Extracted data entries
• • •
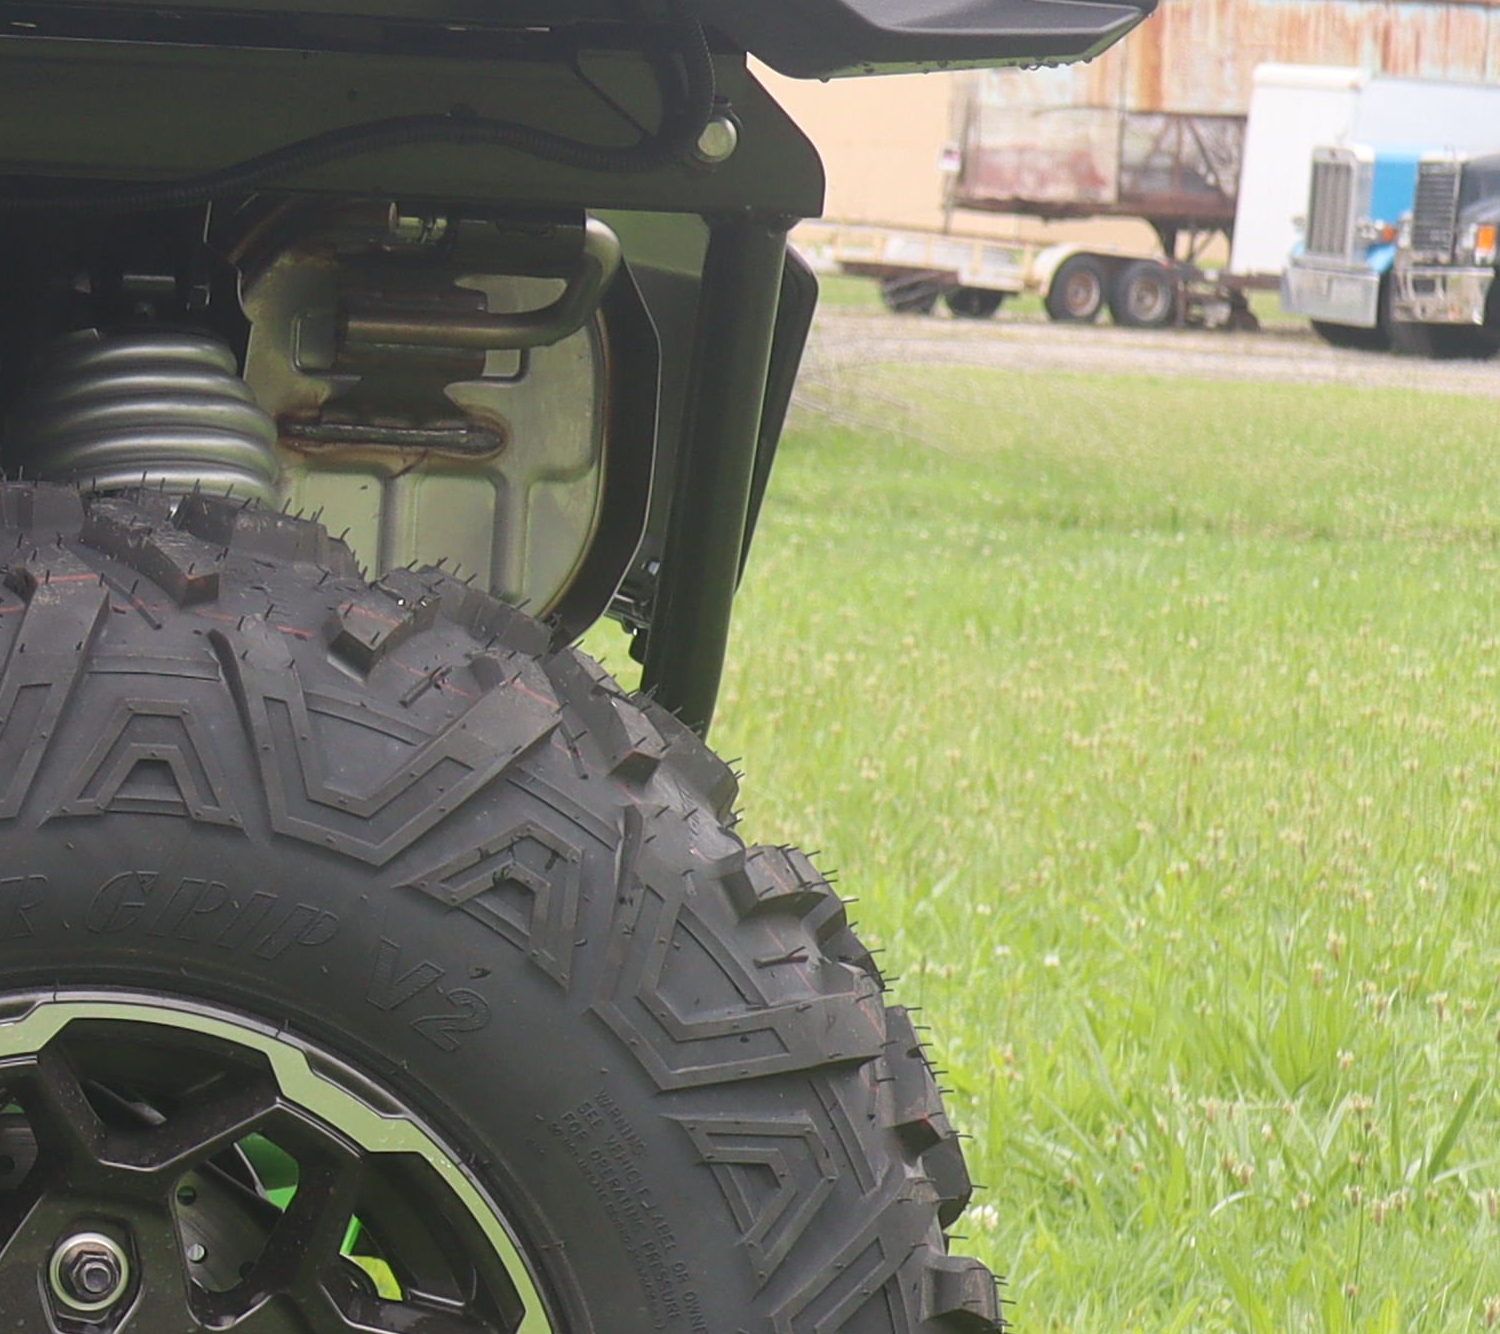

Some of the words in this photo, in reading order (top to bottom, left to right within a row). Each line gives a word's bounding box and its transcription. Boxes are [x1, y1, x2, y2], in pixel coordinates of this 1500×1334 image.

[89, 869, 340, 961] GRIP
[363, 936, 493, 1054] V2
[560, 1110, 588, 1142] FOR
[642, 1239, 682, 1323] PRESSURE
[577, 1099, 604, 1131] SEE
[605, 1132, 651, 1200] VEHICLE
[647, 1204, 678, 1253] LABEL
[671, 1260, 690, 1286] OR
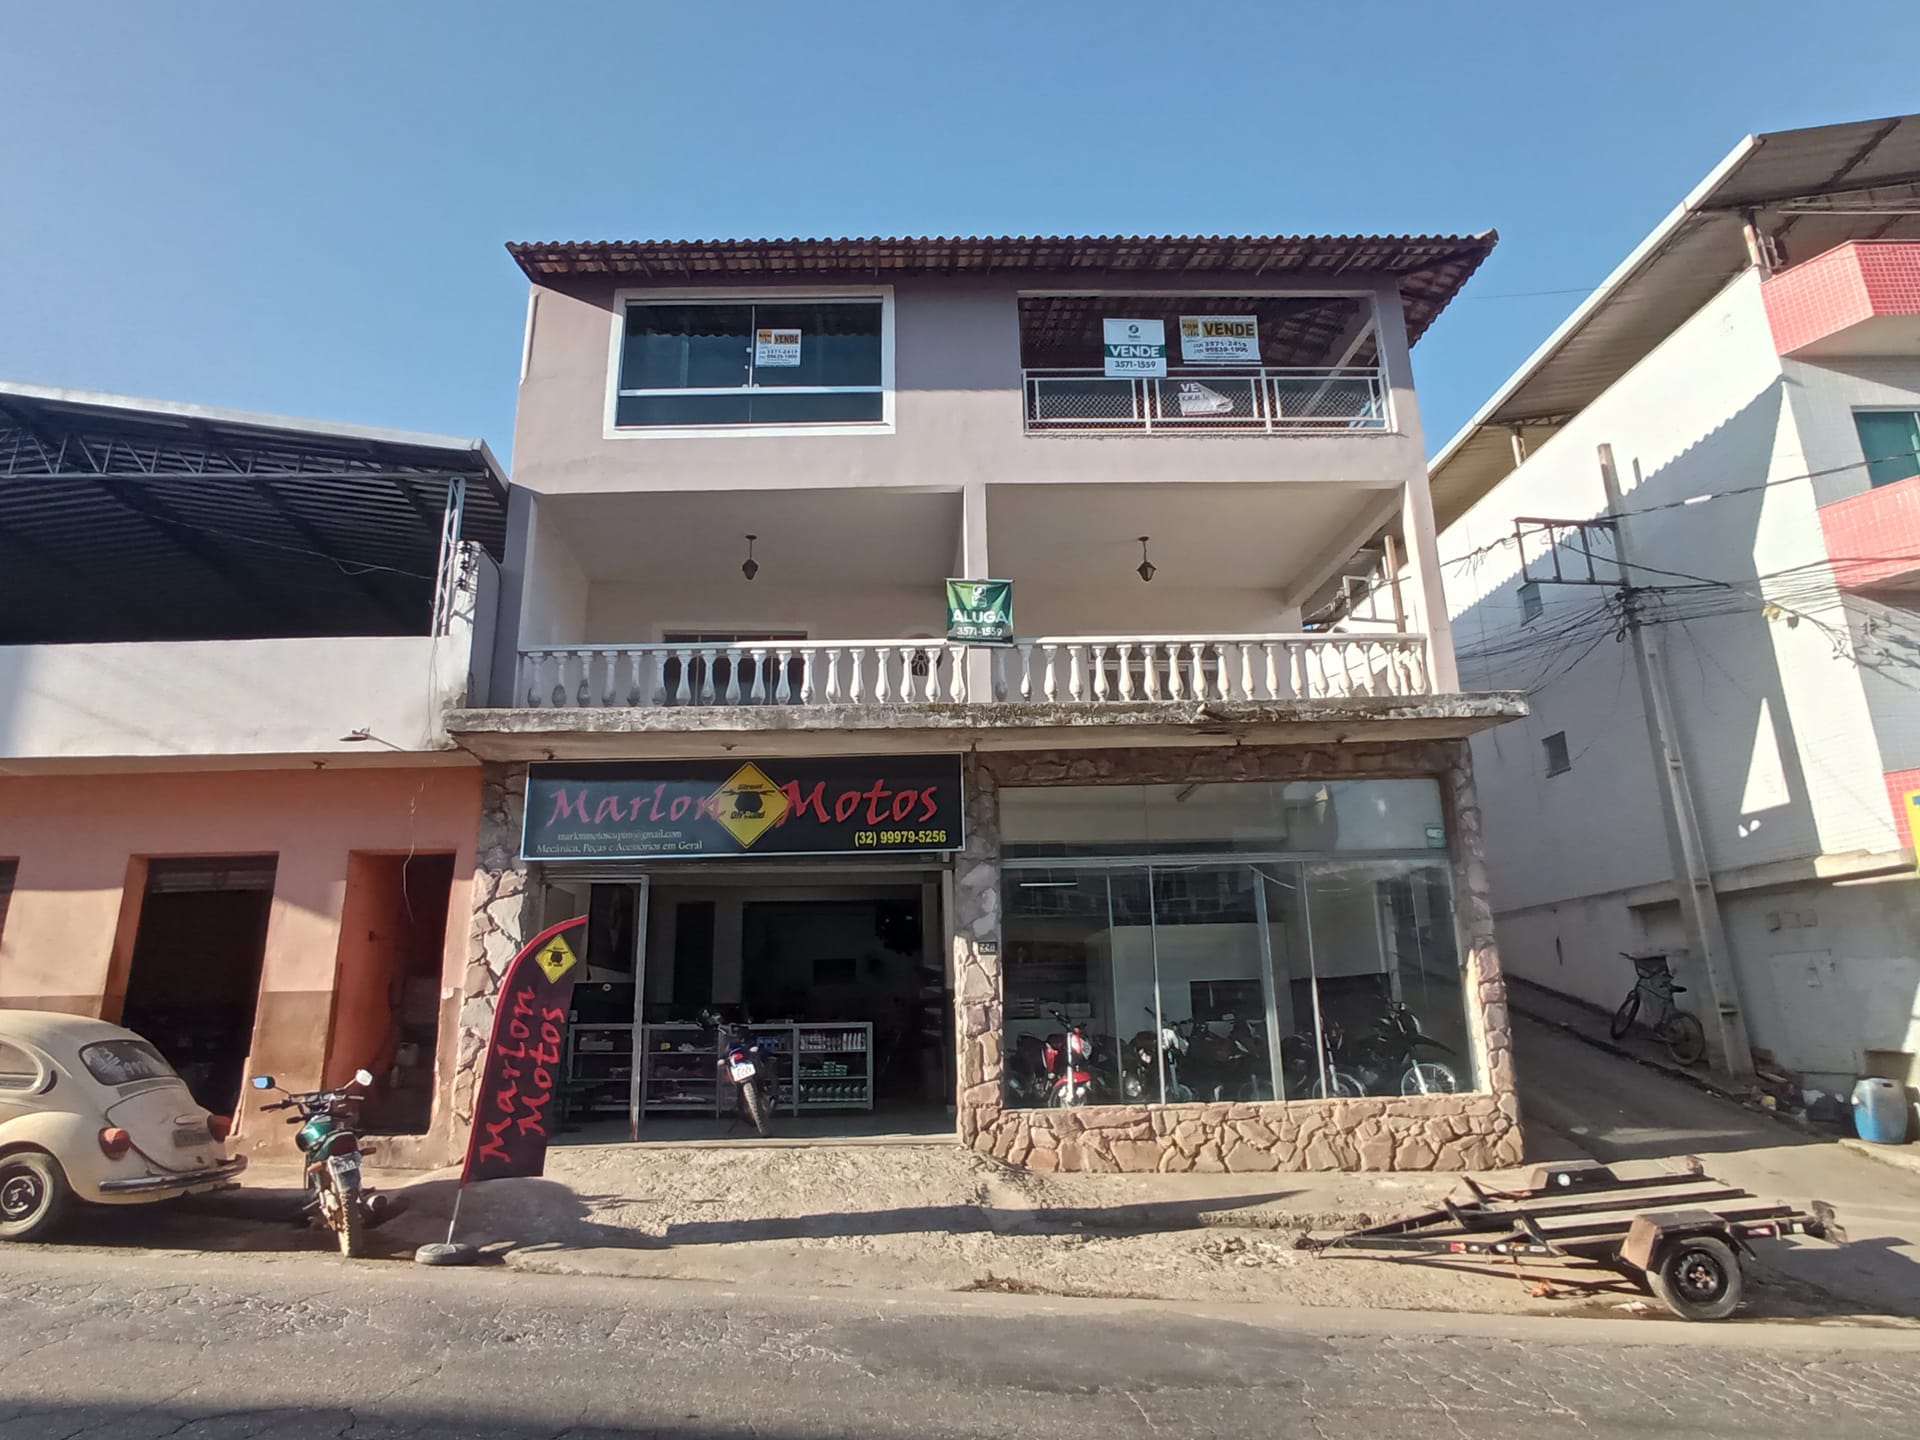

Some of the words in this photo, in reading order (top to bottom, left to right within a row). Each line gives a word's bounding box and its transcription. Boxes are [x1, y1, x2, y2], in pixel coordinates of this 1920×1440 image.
• • •
## Work to be completed
What is needed here is an exact copy of every record, with the pictures left out.

## Answer to this task
Some of the words in this photo, in reading order (top to bottom, left to right within a row). Each line gives a word's bounding box and its transcription. Boxes are [x1, y1, x2, y2], in pixel coordinates of this 1500×1334 image.

[89, 869, 340, 961] GRIP
[363, 936, 493, 1054] V2
[560, 1110, 588, 1142] FOR
[642, 1239, 682, 1323] PRESSURE
[577, 1099, 604, 1131] SEE
[605, 1132, 651, 1200] VEHICLE
[647, 1204, 678, 1253] LABEL
[671, 1260, 690, 1286] OR

Some of the words in this photo, in reading order (top to bottom, left to right within a row). Each line gives a word's bounding box and its transcription. Boxes are [x1, y1, x2, y2], in pixel coordinates of this 1920×1440 image.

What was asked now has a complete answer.